A comparison of neuropsychiatric adverse events during 12 weeks of treatment with etravirine and efavirenz in a treatment-naive, HIV-1-infected population.

BACKGROUND

Although efavirenz is a universally recommended treatment for naive HIV-infected individuals, neuropsychiatric adverse events are common.

METHODS

The Study of Efavirenz NeuropSychiatric Events versus Etravirine (SENSE) trial is a double-blind, placebo-controlled study in which 157 treatment-naive individuals with HIV-RNA higher than 5000 copies/ml were randomized to etravirine 400 mg once daily (n = 79) or to efavirenz 600 mg once daily (n = 78), with two investigator-selected nucleoside reverse transcriptase inhibitors (NRTIs). The primary end point was the percentage of patients with grade 1-4 drug-related treatment-emergent neuropsychiatric adverse events up to week 12.

RESULTS

The study population were 81% men and 85% whites, with a median age of 36 years, baseline CD4 cell counts of 302 cells/μl and HIV-RNA of 4.8 log10 copies/ml. In the intent-to-treat analysis, 13 of 79 individuals (16.5%) in the etravirine arm and 36 of 78 individuals (46.2%) in the efavirenz arm showed at least one grade 1-4 drug-related treatment-emergent neuropsychiatric adverse event (P < 0.001).
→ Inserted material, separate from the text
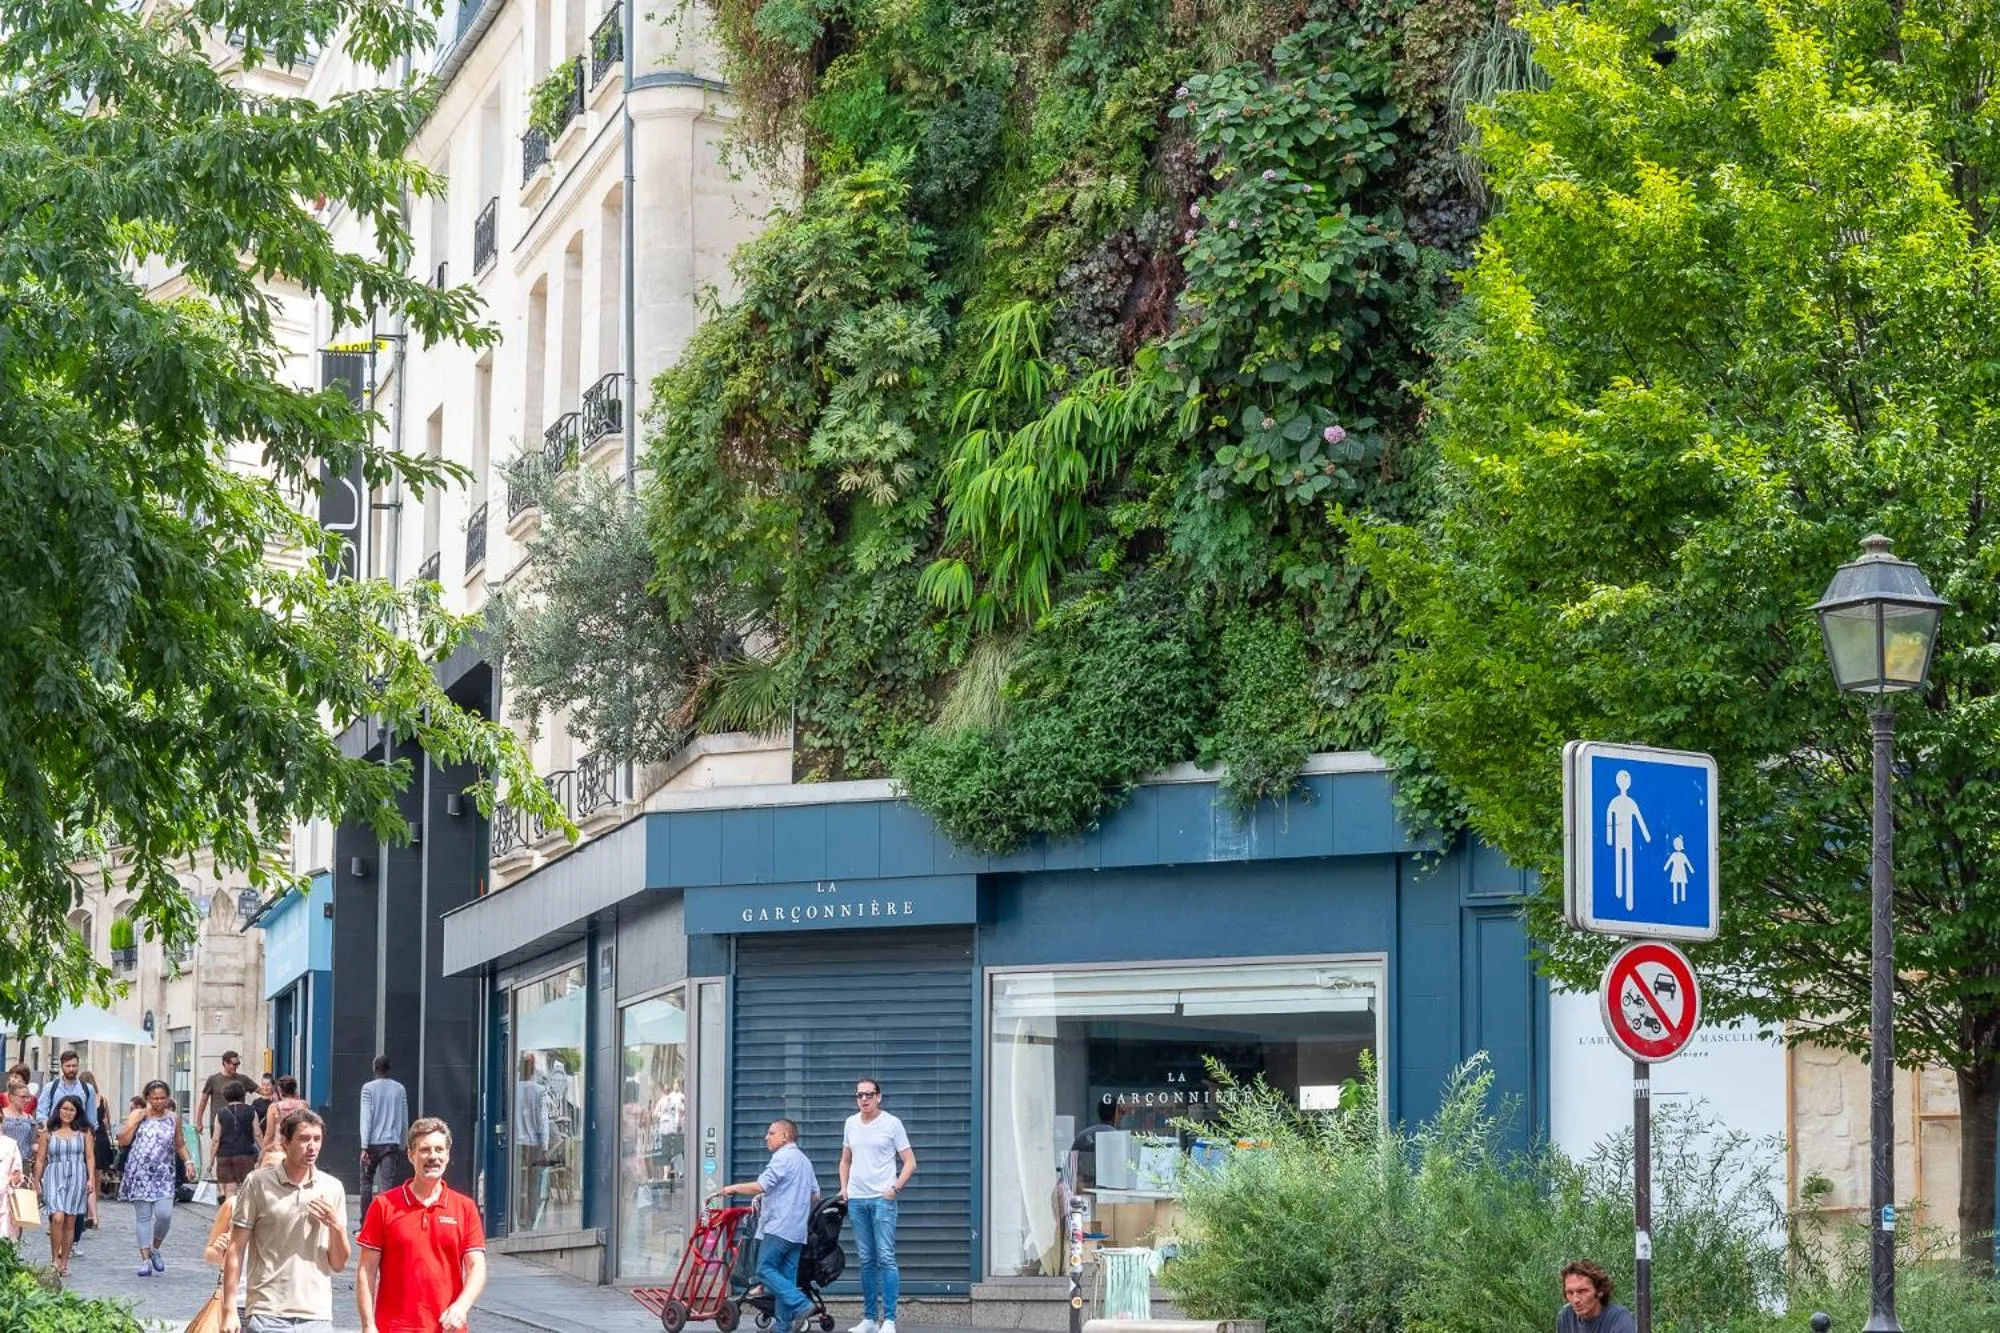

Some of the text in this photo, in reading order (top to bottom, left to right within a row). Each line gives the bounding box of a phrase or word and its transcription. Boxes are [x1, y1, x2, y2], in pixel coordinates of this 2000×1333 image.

[817, 881, 837, 893] LA
[742, 899, 913, 923] GARÇONNIÈRE
[1167, 1072, 1187, 1082] LA
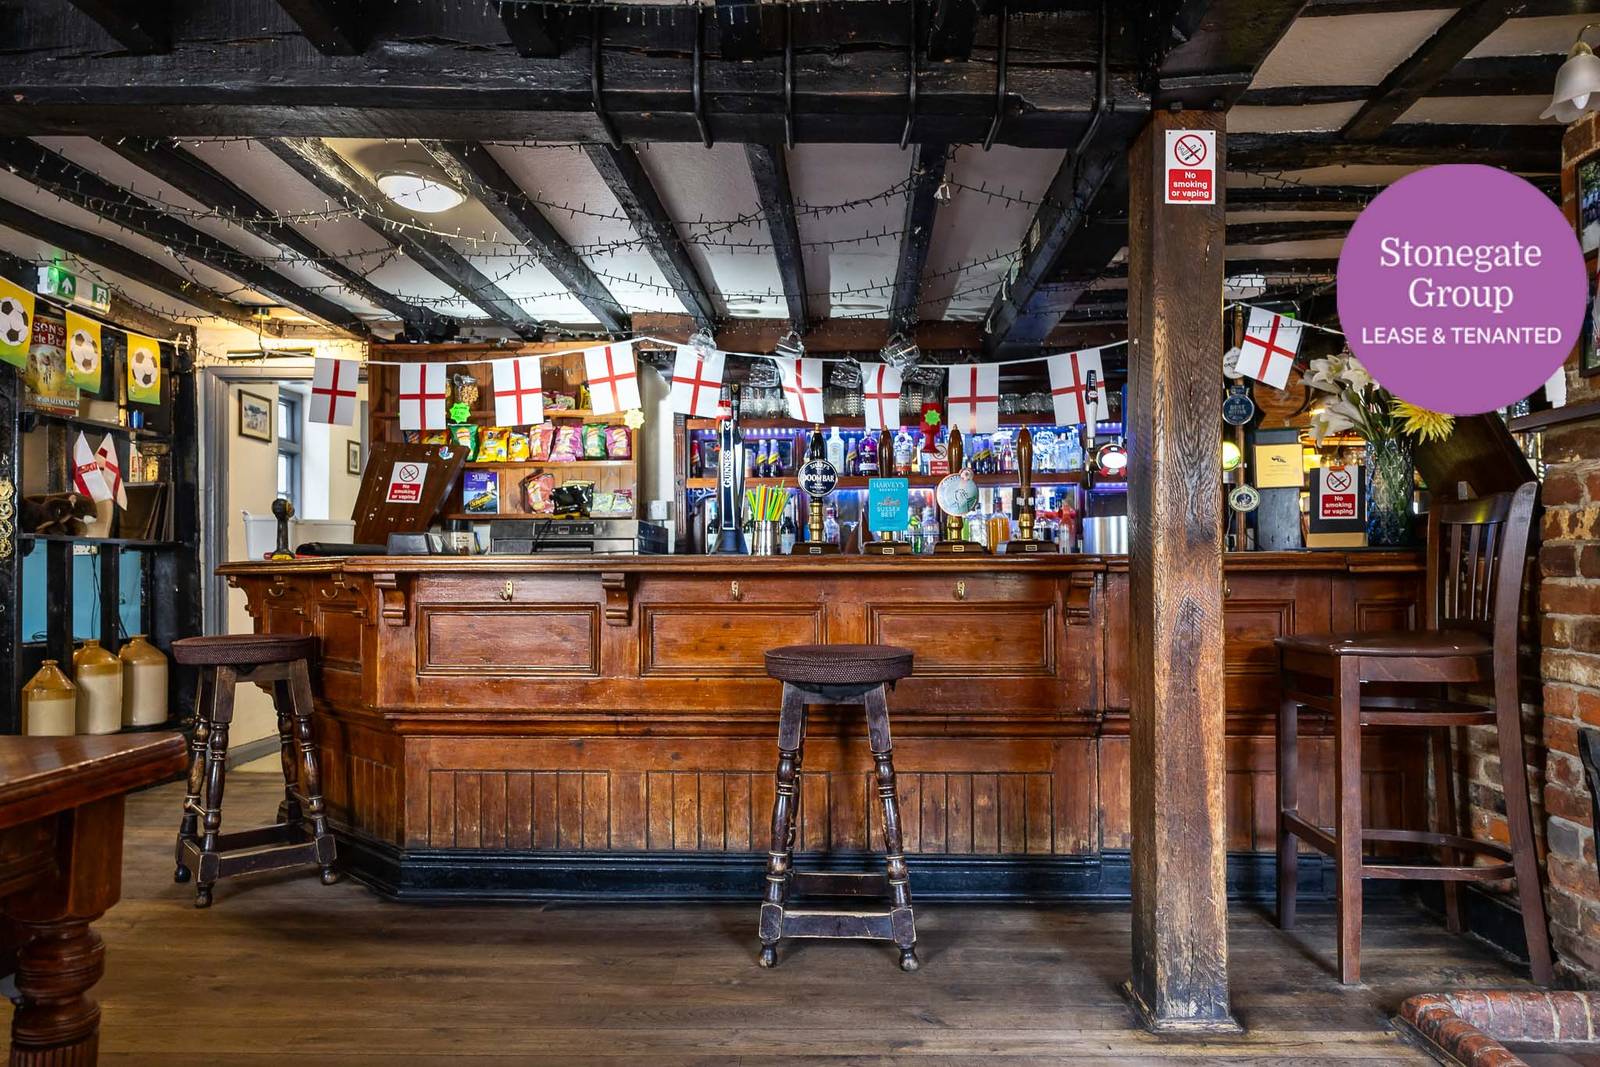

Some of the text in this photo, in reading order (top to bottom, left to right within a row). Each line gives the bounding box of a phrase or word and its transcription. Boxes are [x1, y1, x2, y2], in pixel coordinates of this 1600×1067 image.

The number with at least one grade 2-4 drug-related treatment-emergent neuropsychiatric adverse event was four of 79 individuals (5.1%) in the etravirine arm and 13 of 78 individuals (16.7%) in the efavirenz arm (P = 0.019). The change in HIV-RNA to week 12 was -2.9 log10 in both treatment arms. The median rise in CD4 cell counts was 146 cells/μl in the etravirine arm and 121 cells/μl in the efavirenz arm.

CONCLUSIONS

After 12 weeks, first-line treatment with etravirine 400 mg once daily with two NRTIs was associated with significantly fewer neuropsychiatric adverse events when compared with efavirenz with two NRTIs. The virological and immunological efficacy profile was similar between the two arms.